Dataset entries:
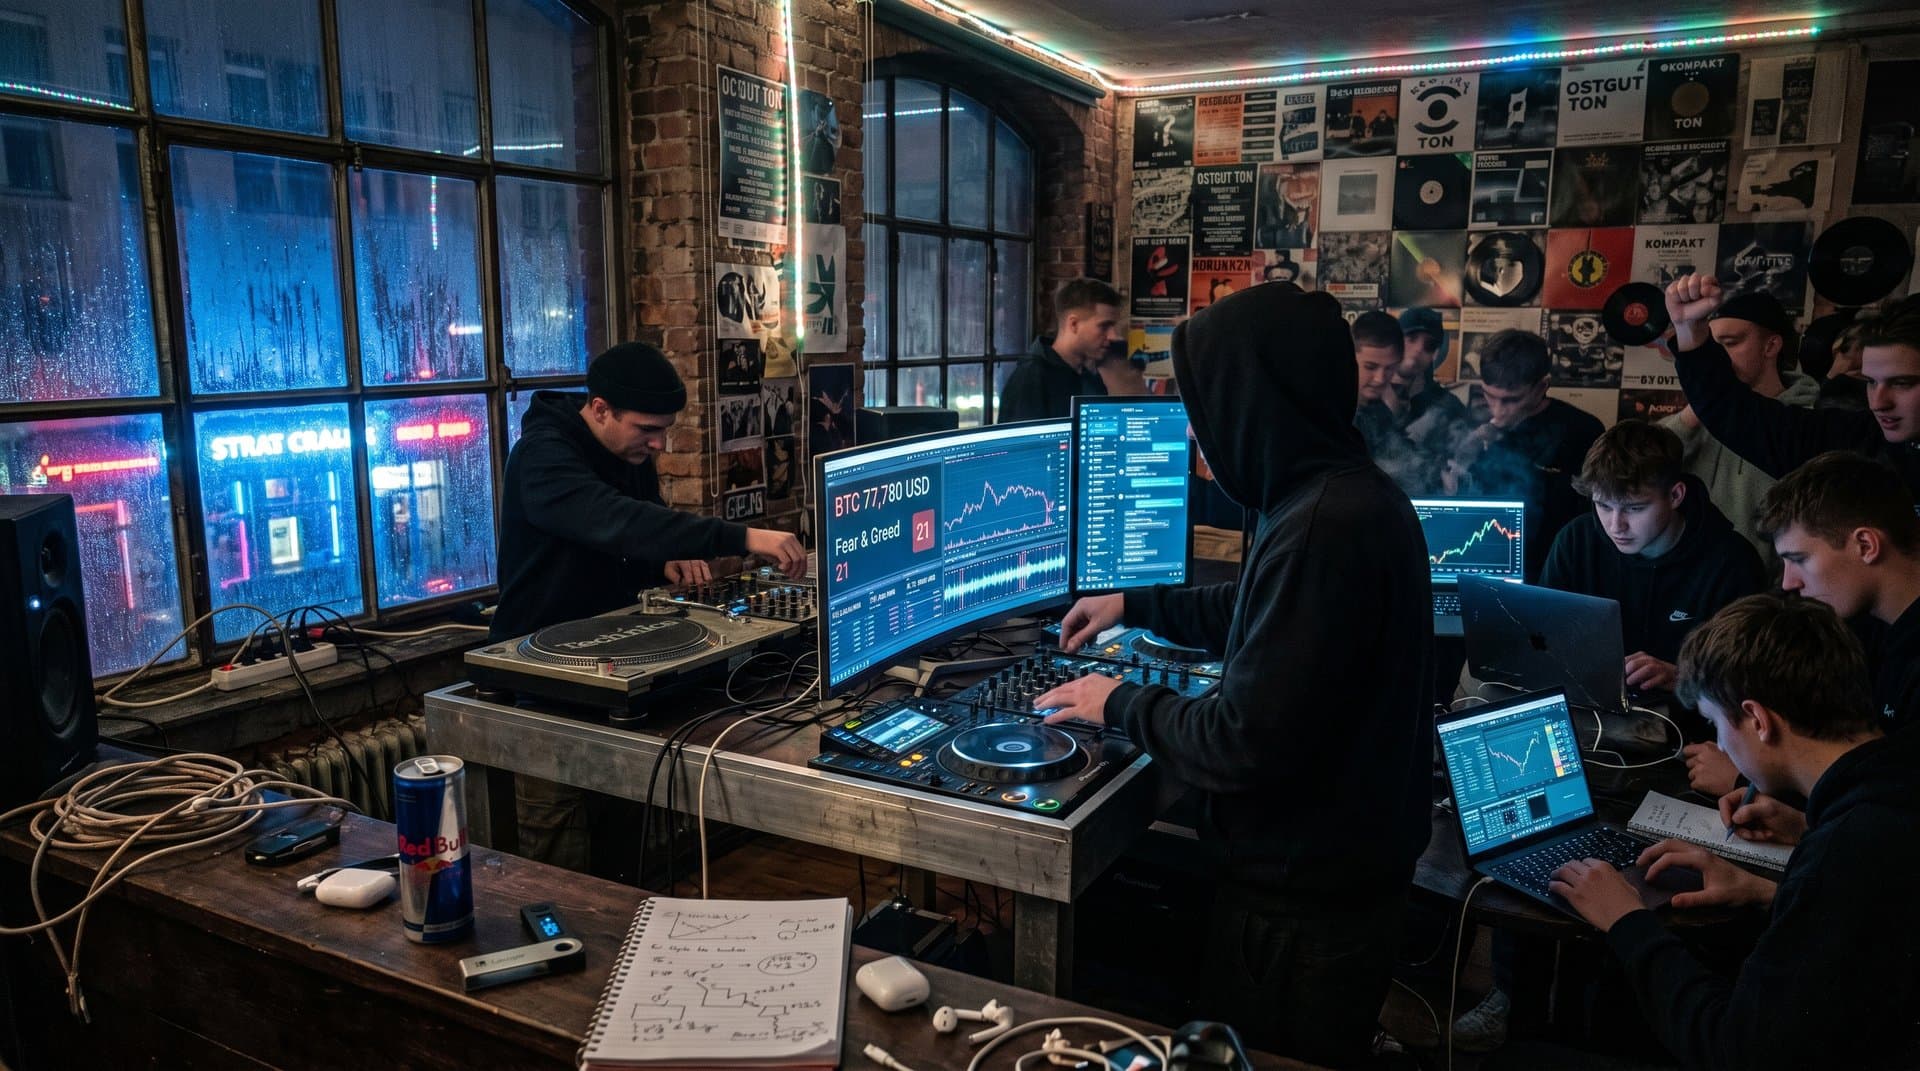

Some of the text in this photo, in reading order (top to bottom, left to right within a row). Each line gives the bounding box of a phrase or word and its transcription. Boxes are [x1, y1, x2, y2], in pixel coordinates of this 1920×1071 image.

[1566, 76, 1644, 95] OSTGUT
[762, 87, 782, 110] TON
[1568, 95, 1607, 111] TON
[1674, 117, 1703, 129] TON
[1417, 135, 1454, 149] TON
[1197, 170, 1253, 185] OSTGUT TON
[1645, 238, 1705, 249] KOMPAKT
[211, 433, 283, 461] STRAT
[835, 476, 930, 518] BTC 77,780 USD
[835, 519, 900, 557] Fear & Greed
[916, 520, 929, 541] 21
[836, 561, 848, 582] 21
[399, 834, 431, 857] Red
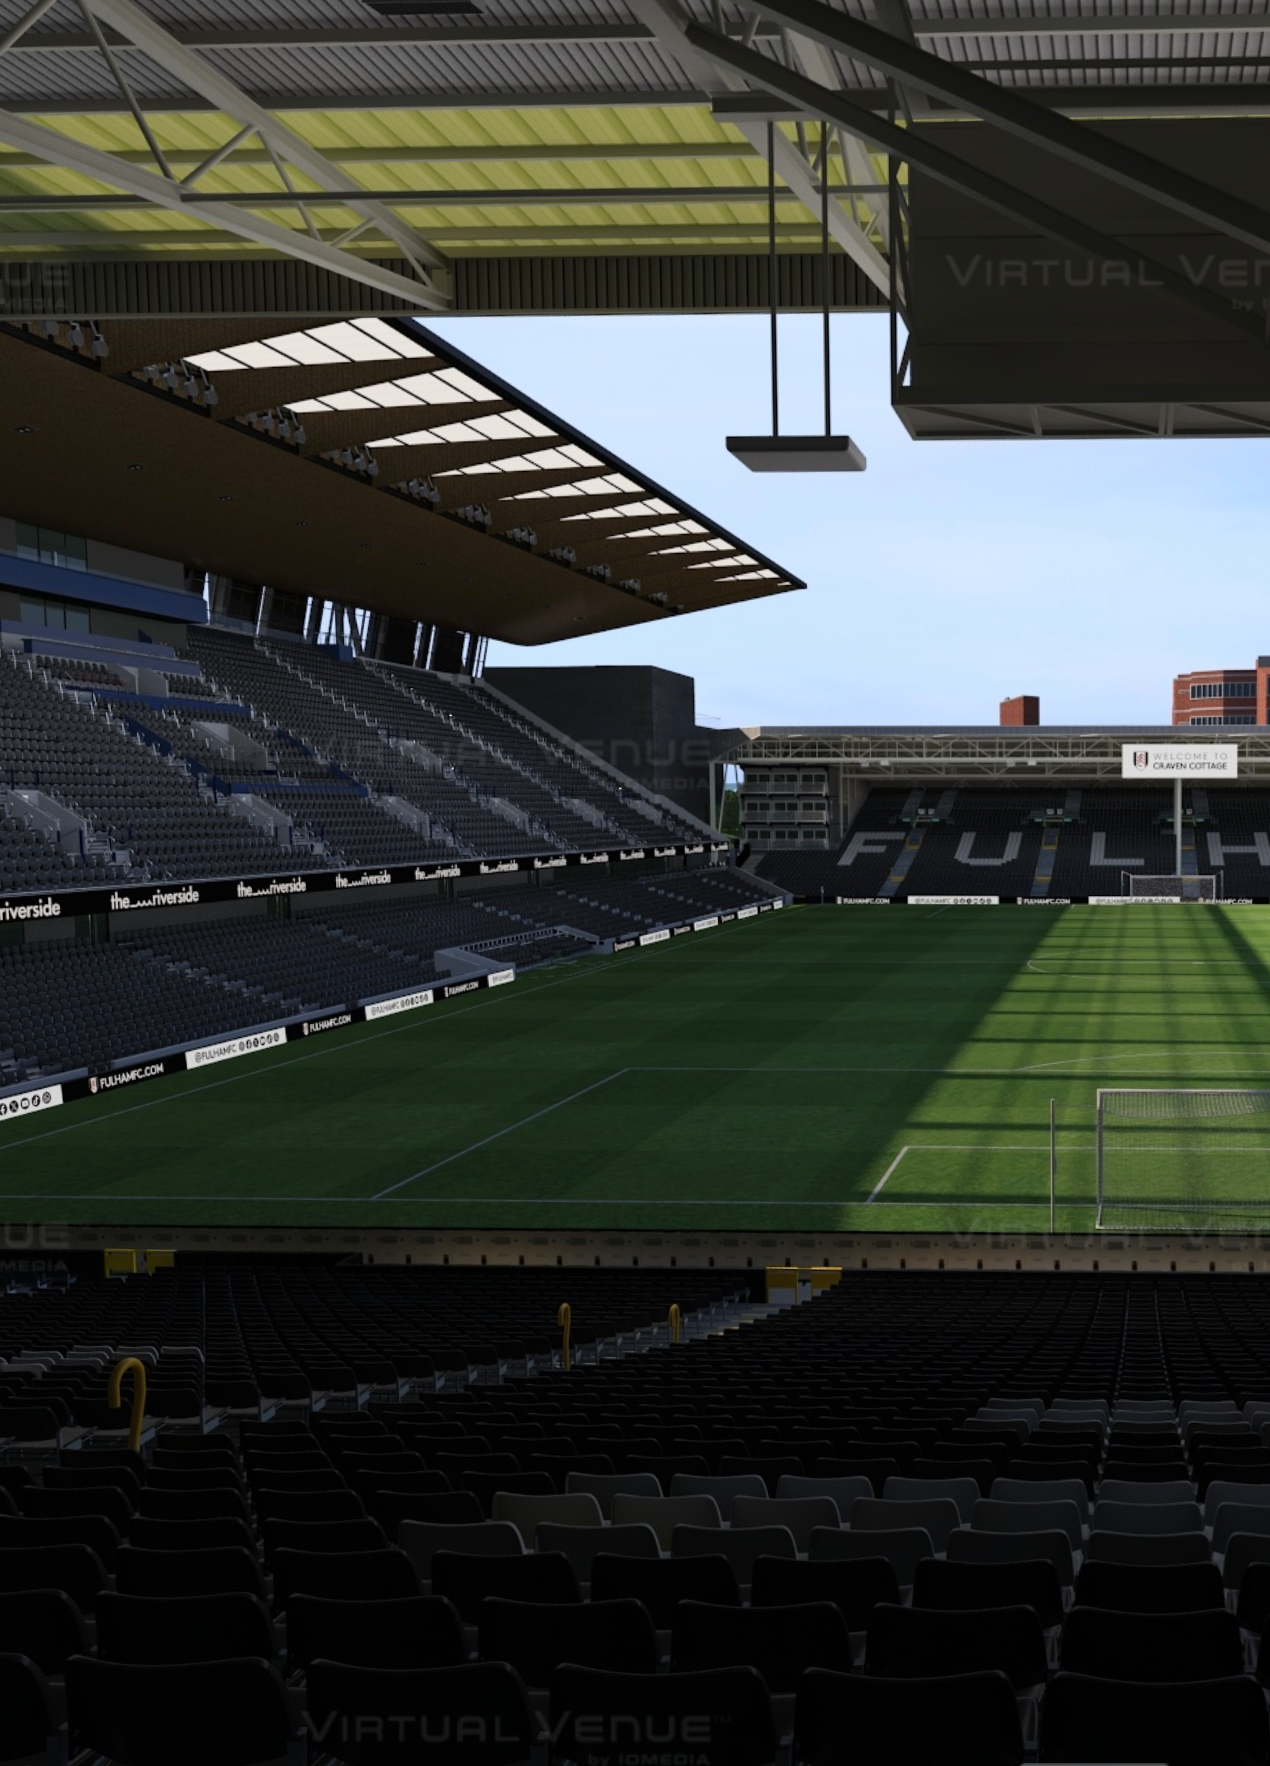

• **Your goal**
An exact copy of every entry above is needed, minus the pictures.

• **Output**
Some of the text in this photo, in reading order (top to bottom, left to right within a row). Each line gives the bounding box of a phrase or word and its transcription. Boxes are [x1, y1, x2, y2], in pixel coordinates of this 1920×1071 image.

[1566, 76, 1644, 95] OSTGUT
[762, 87, 782, 110] TON
[1568, 95, 1607, 111] TON
[1674, 117, 1703, 129] TON
[1417, 135, 1454, 149] TON
[1197, 170, 1253, 185] OSTGUT TON
[1645, 238, 1705, 249] KOMPAKT
[211, 433, 283, 461] STRAT
[835, 476, 930, 518] BTC 77,780 USD
[835, 519, 900, 557] Fear & Greed
[916, 520, 929, 541] 21
[836, 561, 848, 582] 21
[399, 834, 431, 857] Red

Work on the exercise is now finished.